Content starts

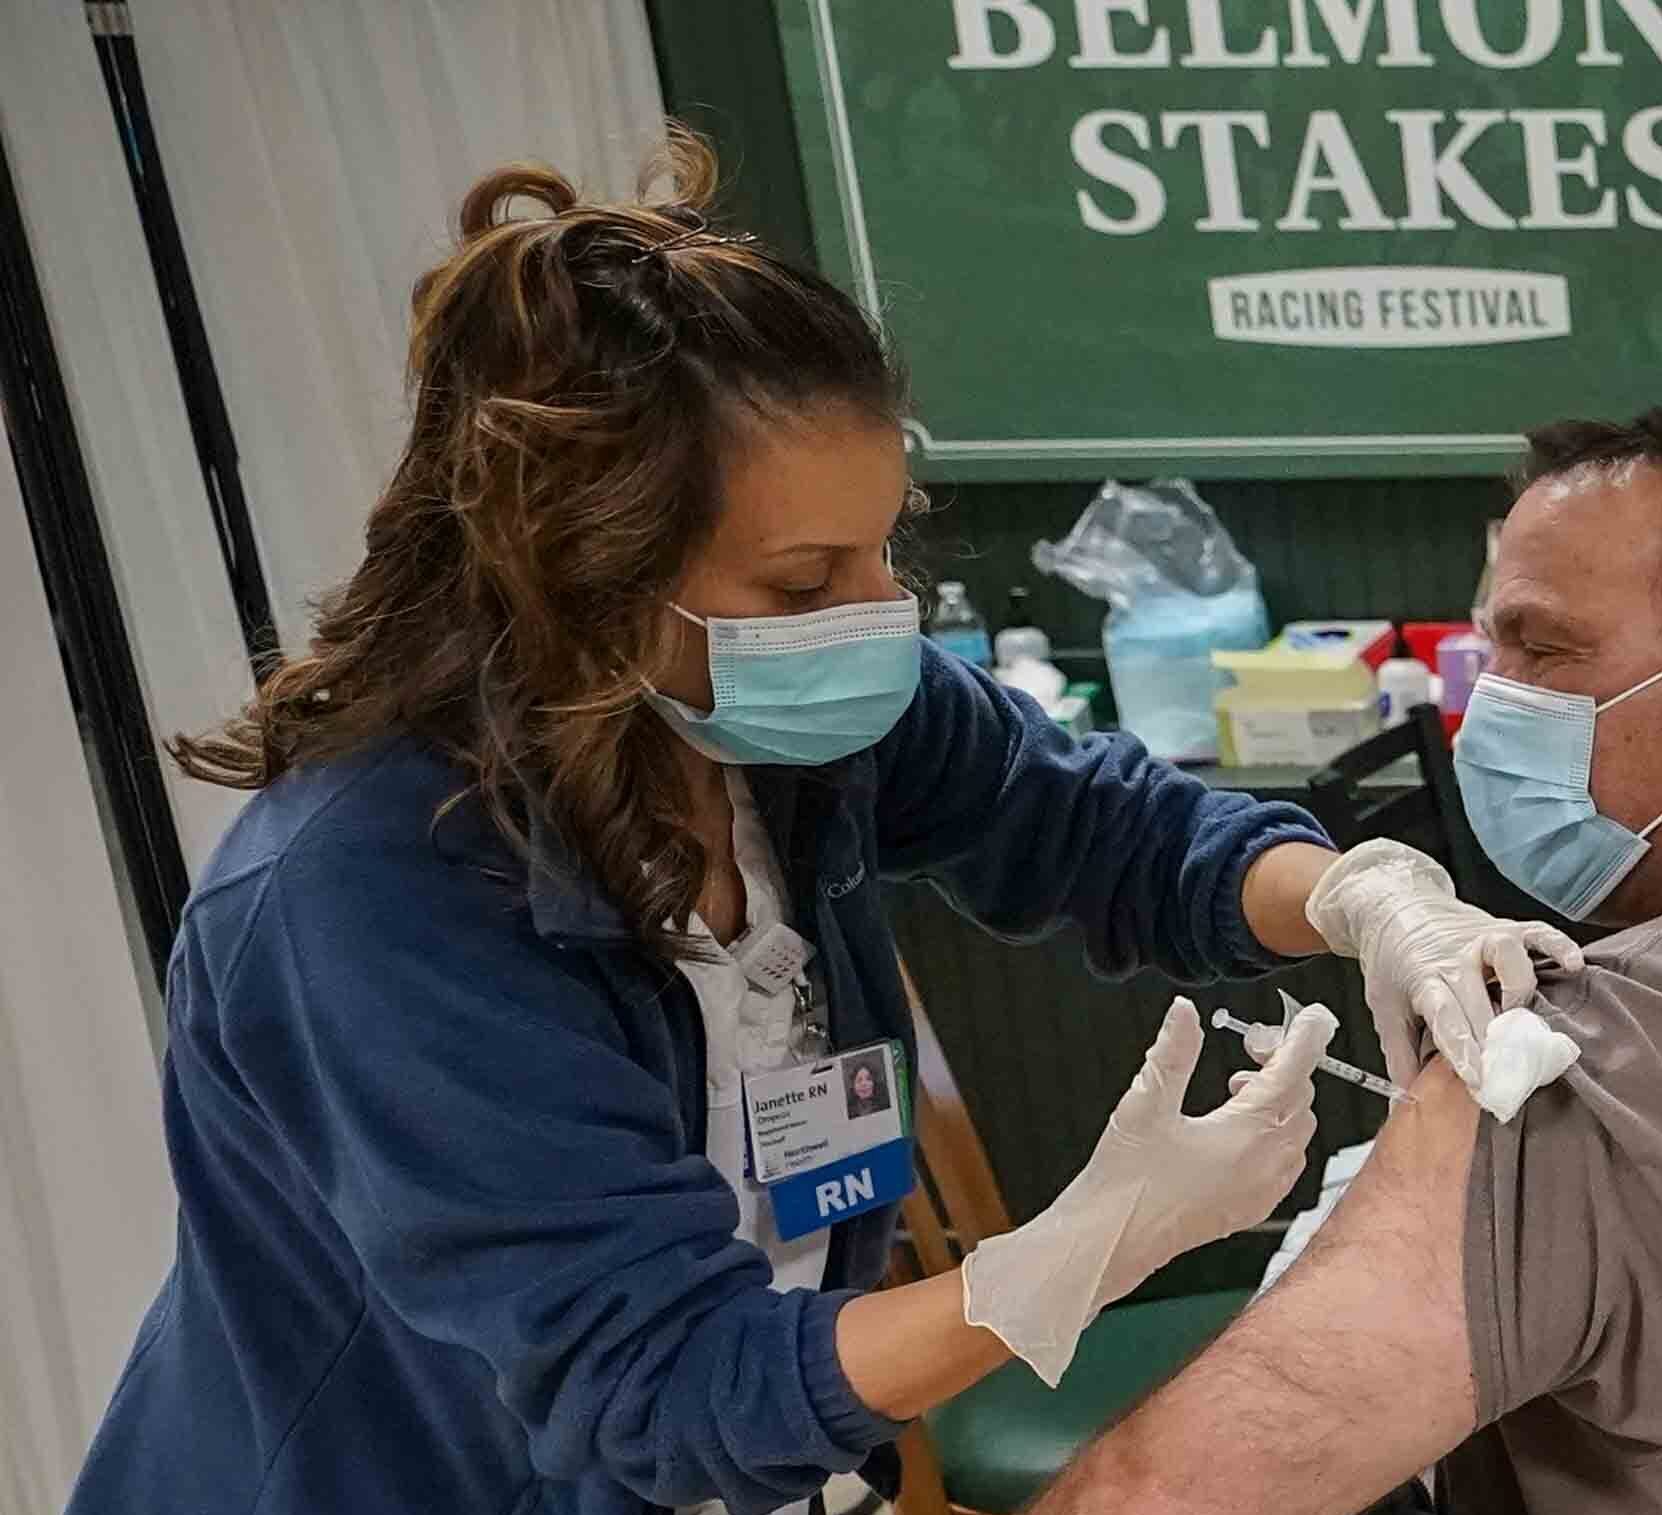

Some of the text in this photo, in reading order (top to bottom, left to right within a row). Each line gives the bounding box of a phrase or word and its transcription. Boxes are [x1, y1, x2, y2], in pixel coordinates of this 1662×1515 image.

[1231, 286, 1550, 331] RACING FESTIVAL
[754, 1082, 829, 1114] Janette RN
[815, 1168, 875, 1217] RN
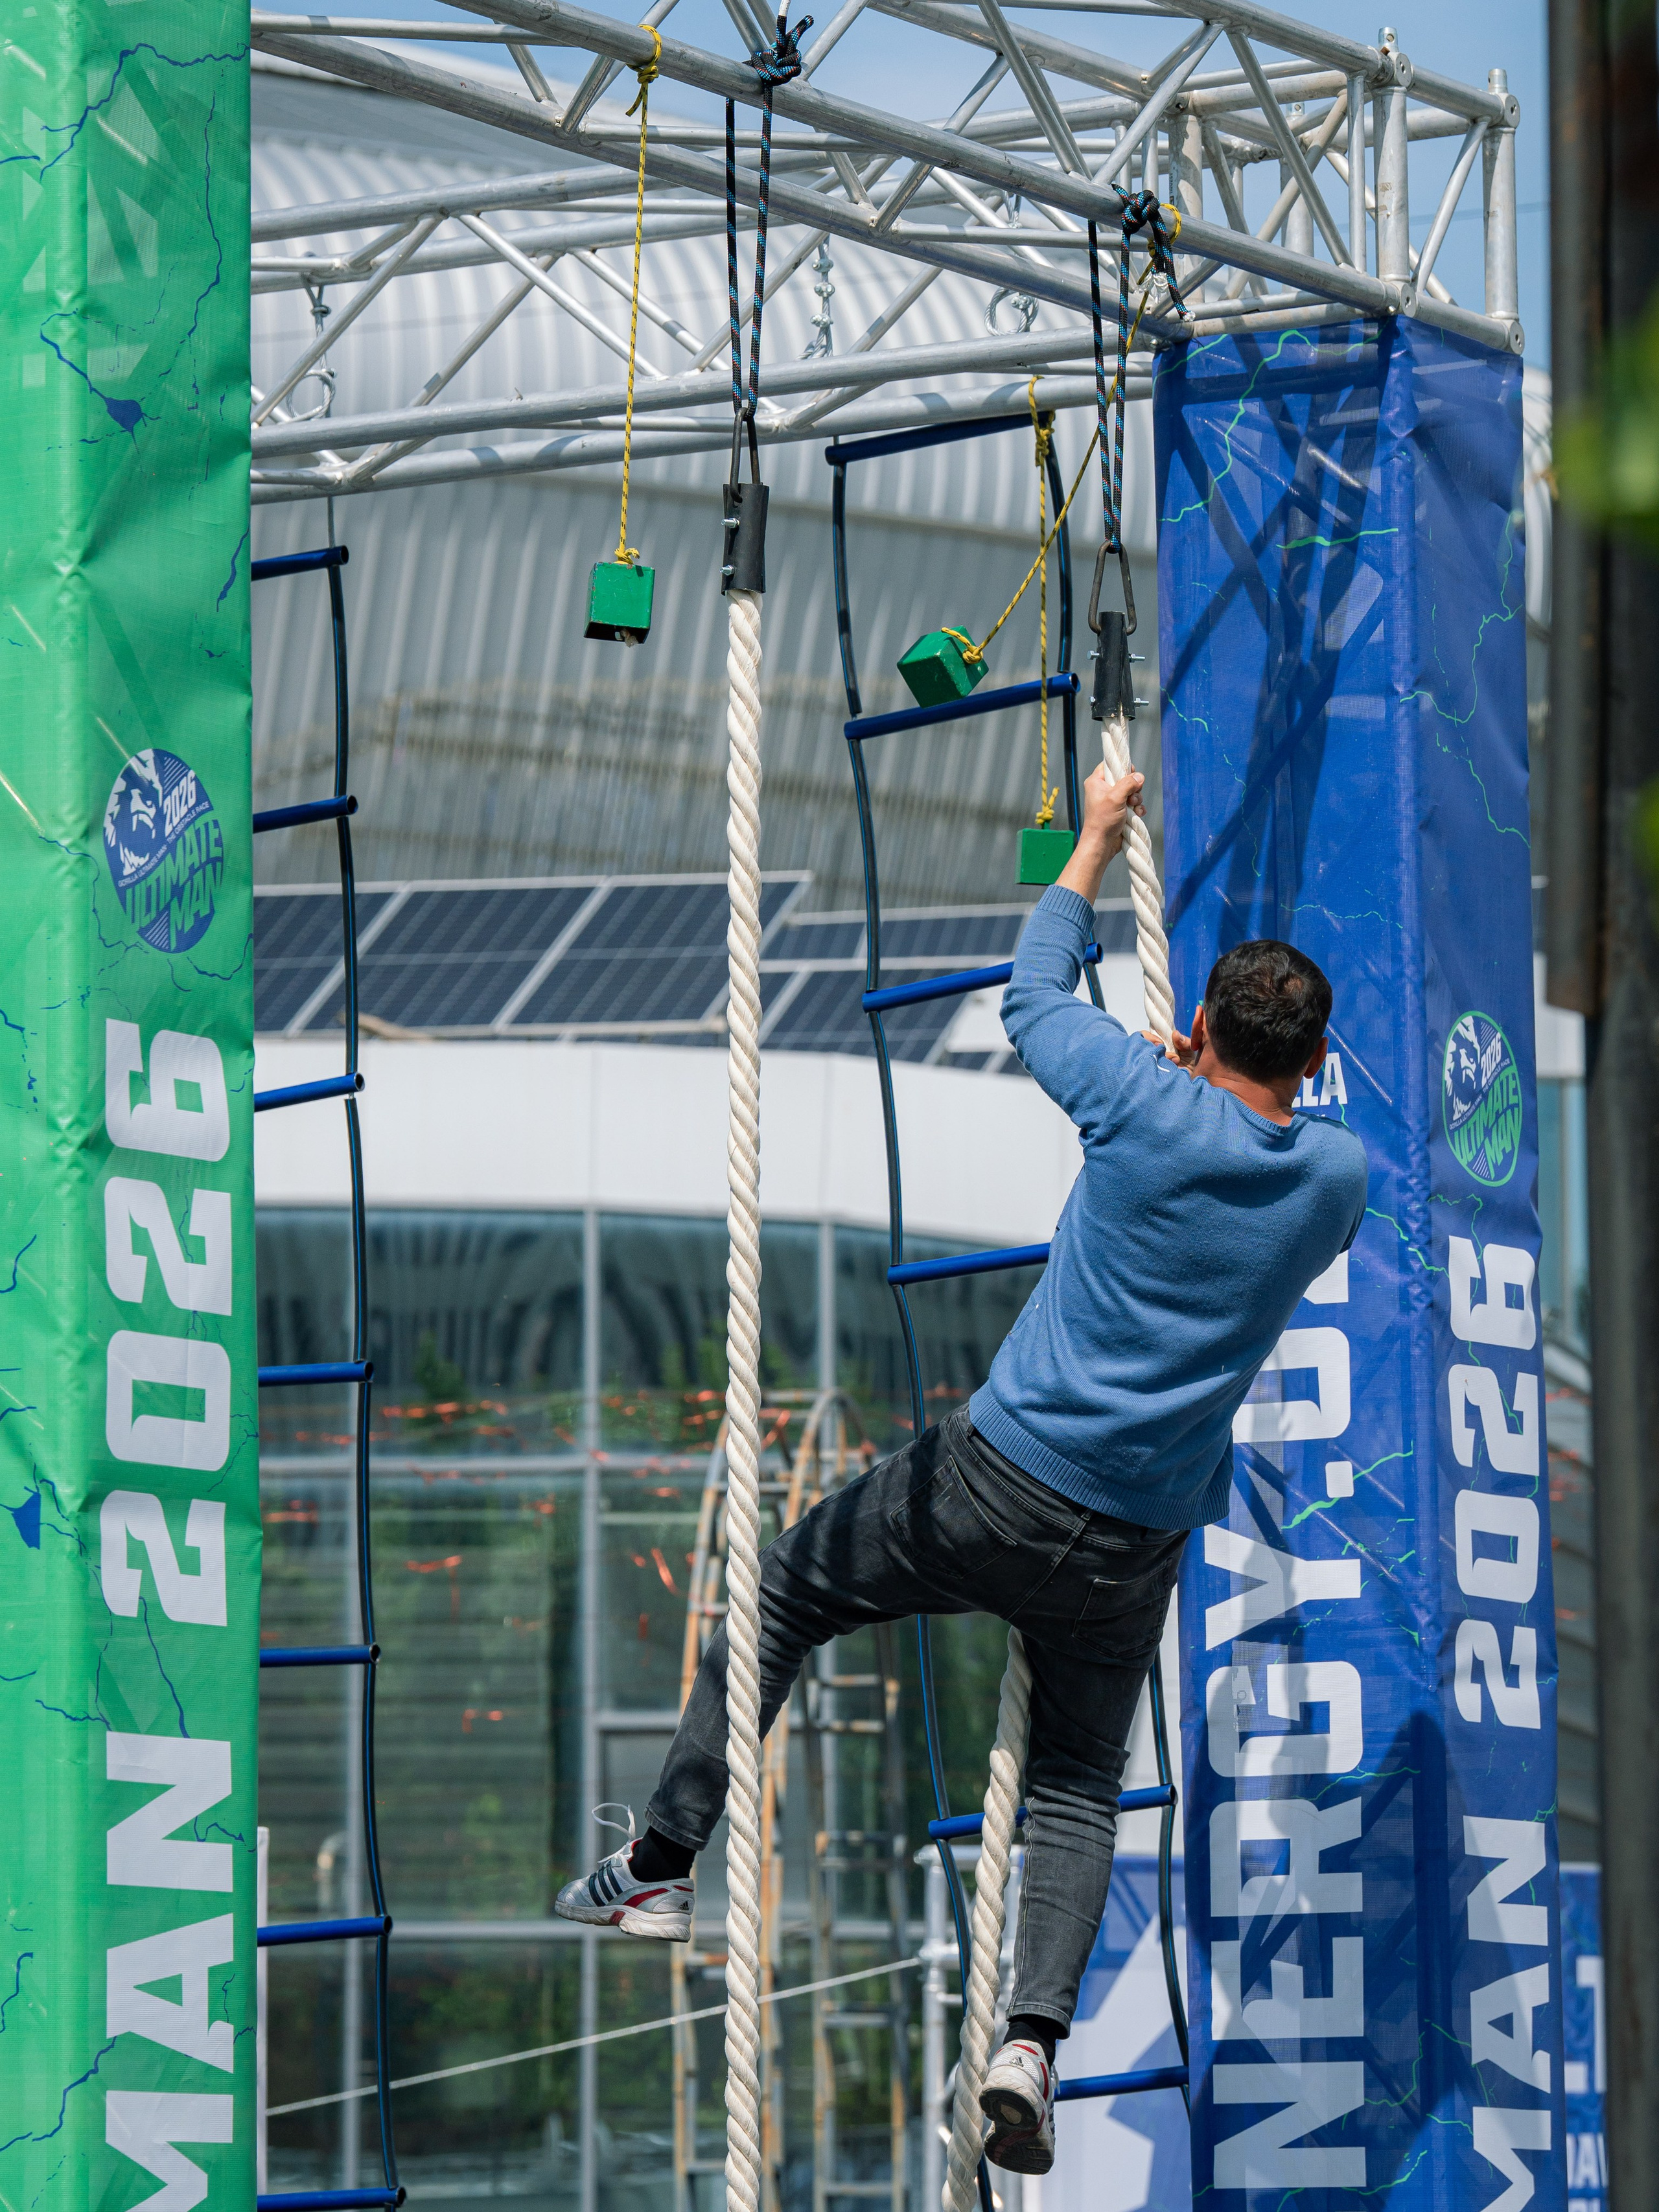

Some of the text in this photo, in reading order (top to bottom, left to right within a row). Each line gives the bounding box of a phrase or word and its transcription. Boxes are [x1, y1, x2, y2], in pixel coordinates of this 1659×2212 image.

Content ends

Everything in the entries above should be printed again exactly, apart from the pictures.

ANSWER BELOW.
Some of the text in this photo, in reading order (top to bottom, left to right within a row). Each line gives the bounding box of a phrase or word and its transcription. Boxes are [x1, y1, x2, y2], in pixel coordinates of this 1662×1515 image.

[1231, 286, 1550, 331] RACING FESTIVAL
[754, 1082, 829, 1114] Janette RN
[815, 1168, 875, 1217] RN

Some of the text in this photo, in reading order (top to bottom, left to right within a row). Each line gives the bounding box of a phrase or word and its transcription. Boxes are [x1, y1, x2, y2], in pixel coordinates of this 1659×2212 image.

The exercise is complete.